Why not? Our goofy high school slang was already a part of American history.
We were living in an atmosphere out of Milan Kundera's great novel The Joke, in which even gags came under intense scrutiny by the Marxist state. Indeed, one of the more tragic casualties of the new American Stasi has been humor. The punitive Woke and their obsession with itemizing everything wrong with evil America means that now nobody is even allowed to crack wise.

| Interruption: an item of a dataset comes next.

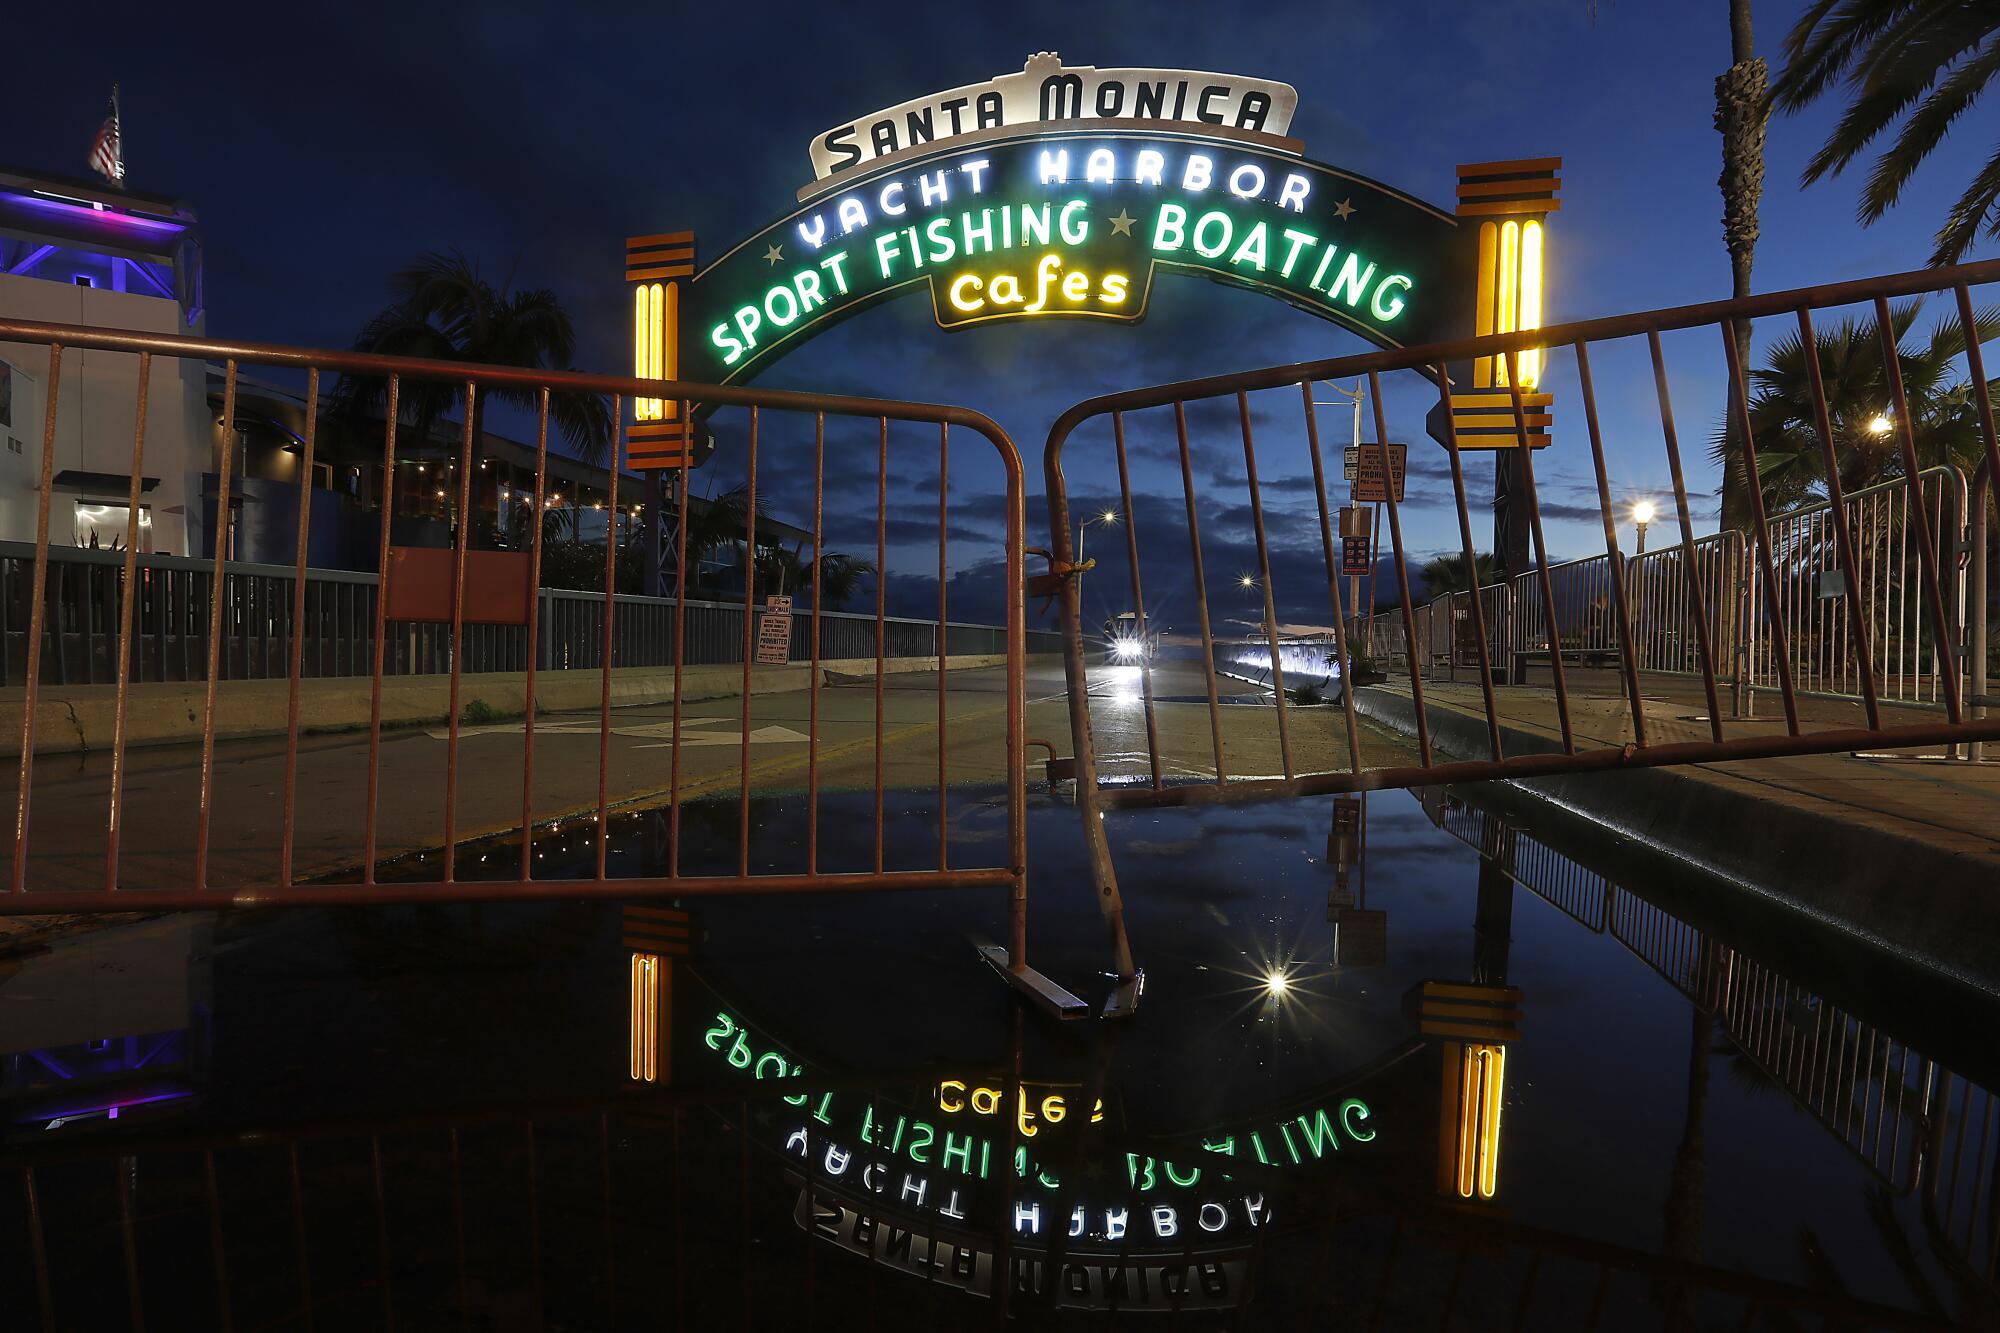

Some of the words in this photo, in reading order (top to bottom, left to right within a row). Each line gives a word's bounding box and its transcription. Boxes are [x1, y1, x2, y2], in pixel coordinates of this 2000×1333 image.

That would never work on my high school friends, some of the funniest people I've ever known. As I mentioned in another piece for The Stream, when media and the idiots on Capitol Hill were examining the parties discussed in an underground newspaper I had produced in the early 1980s, the other founding editor called me. "Is it too late to print a retraction?" he quipped.
Mock the Priests of Baal
The ordeal of 2018 was terrifying, to be sure. But there was also a carnival absurdity to it. The members of the American Stasi who came for us were diabolical, but also a joke. We were kids who had been raised on Mad magazine and The Bad News Bears. After the extortion threats, the media mob, and the opposition researchers, there would be room for comedy, which at its best punctures the pretentious of totalitarianism.
In his book Cold Warriors: Writers Who Waged the Literary Cold War, Duncan White notes that America once fought communism by sending forbidden book into the Eastern Europe via balloons. Oppressed people in Poland and East Germany would look up to find floating towards them balloons carrying books by Orwell and Aleksandr Solzhenitsyn. A whimsical, funny way to fight the oppressive state.
Big Brother Has No Sense of Humor
One of the most noted performances of 2018 -- aside from Christine Blasey Ford's acting debut -- was Matt Damon playing Brett on Saturday Night Live. The sketch was, yes, intended to make the judge (now justice) seem angry and unhinged. But there was also a revealing part where Brett is asked by a committee member whether he drank beer in high school. "You mean was I cool?" Kavanaugh/Damon fires back. "Yeah."
The woke liberal audience laughs, almost despite themselves. It's like they know in their hearts that a witch hunt against kids who drank beer in the 1980s made the witch hunters rather than the kids look like fools.
Even if these were the same kids who mooned a cameraman at a pool party.
So no, there ain't going to be any retraction.
Mark Judge is a writer and filmmaker in Washington, D.C.